### Records provided
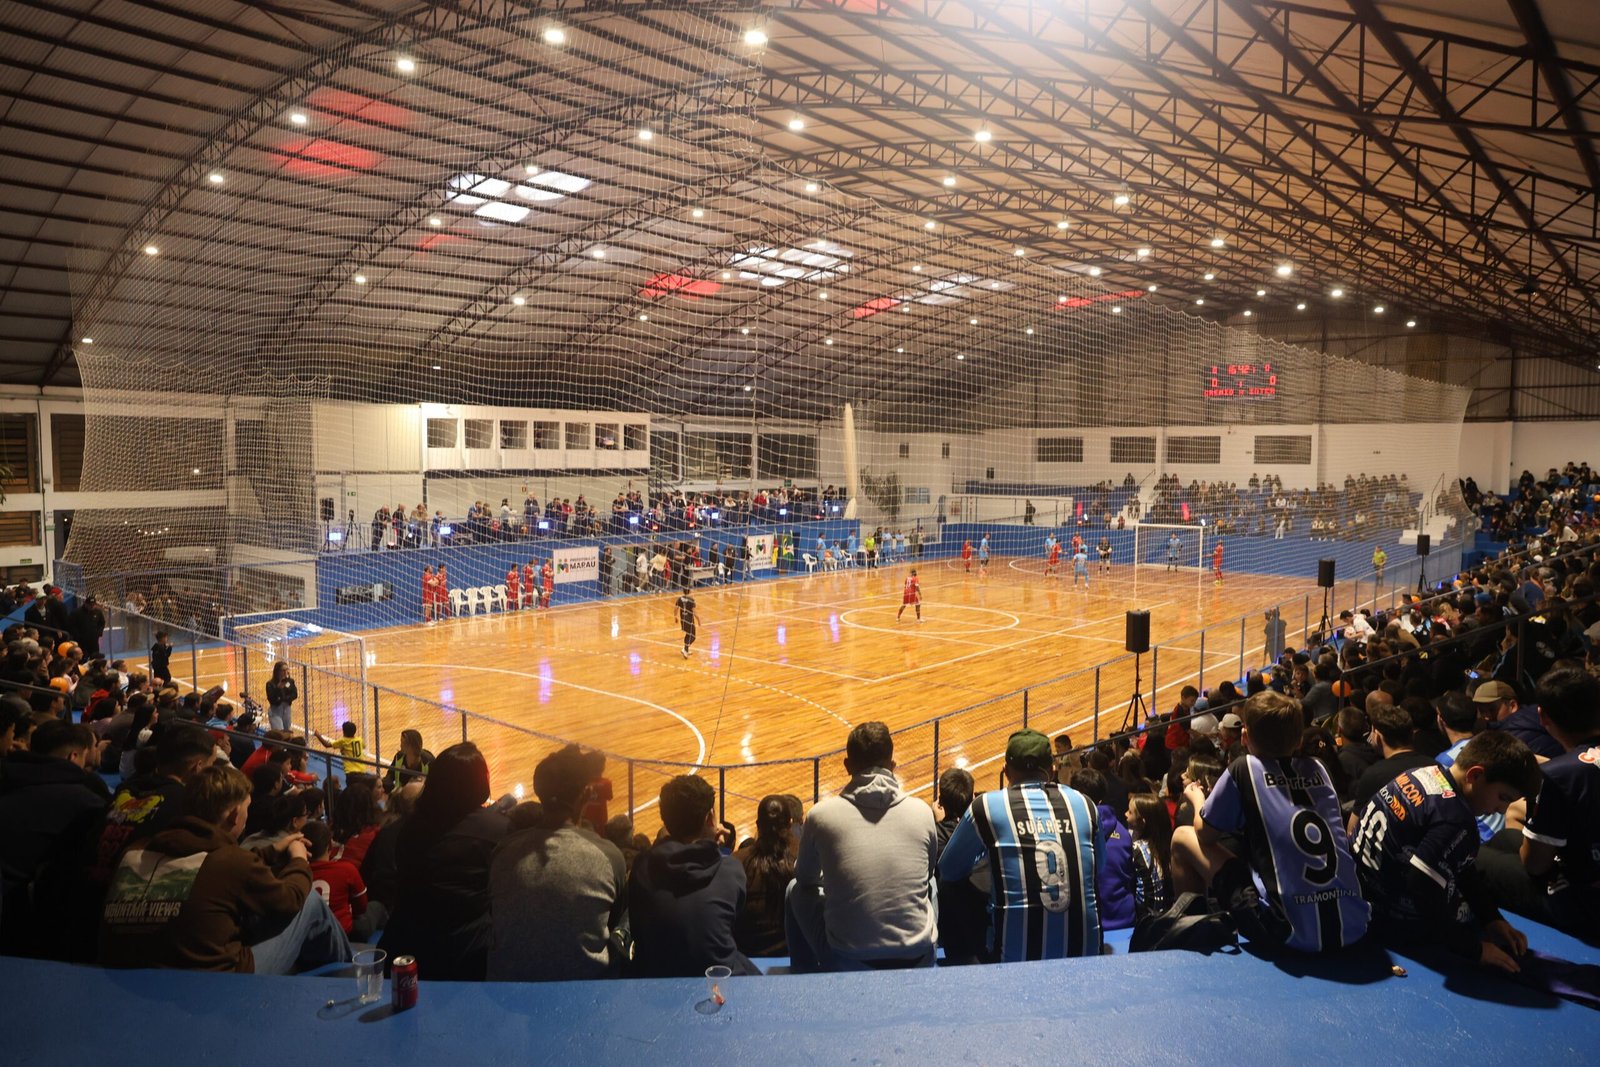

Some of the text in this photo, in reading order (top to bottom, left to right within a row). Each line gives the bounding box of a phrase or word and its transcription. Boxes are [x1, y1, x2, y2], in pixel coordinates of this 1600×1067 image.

[570, 561, 596, 569] MARAU
[351, 741, 361, 758] 10
[1017, 817, 1072, 835] SUÁREZ
[1290, 808, 1339, 887] 9
[1035, 840, 1071, 913] 9
[149, 901, 182, 917] VIEWS

### Prompt
An exact copy of the records above is wanted, with the pictures omitted.

### Solution to the problem
Some of the text in this photo, in reading order (top to bottom, left to right within a row). Each line gives the bounding box of a phrase or word and its transcription. Boxes are [x1, y1, x2, y2], in pixel coordinates of this 1600×1067 image.

[570, 561, 596, 569] MARAU
[351, 741, 361, 758] 10
[1017, 817, 1072, 835] SUÁREZ
[1290, 808, 1339, 887] 9
[1035, 840, 1071, 913] 9
[149, 901, 182, 917] VIEWS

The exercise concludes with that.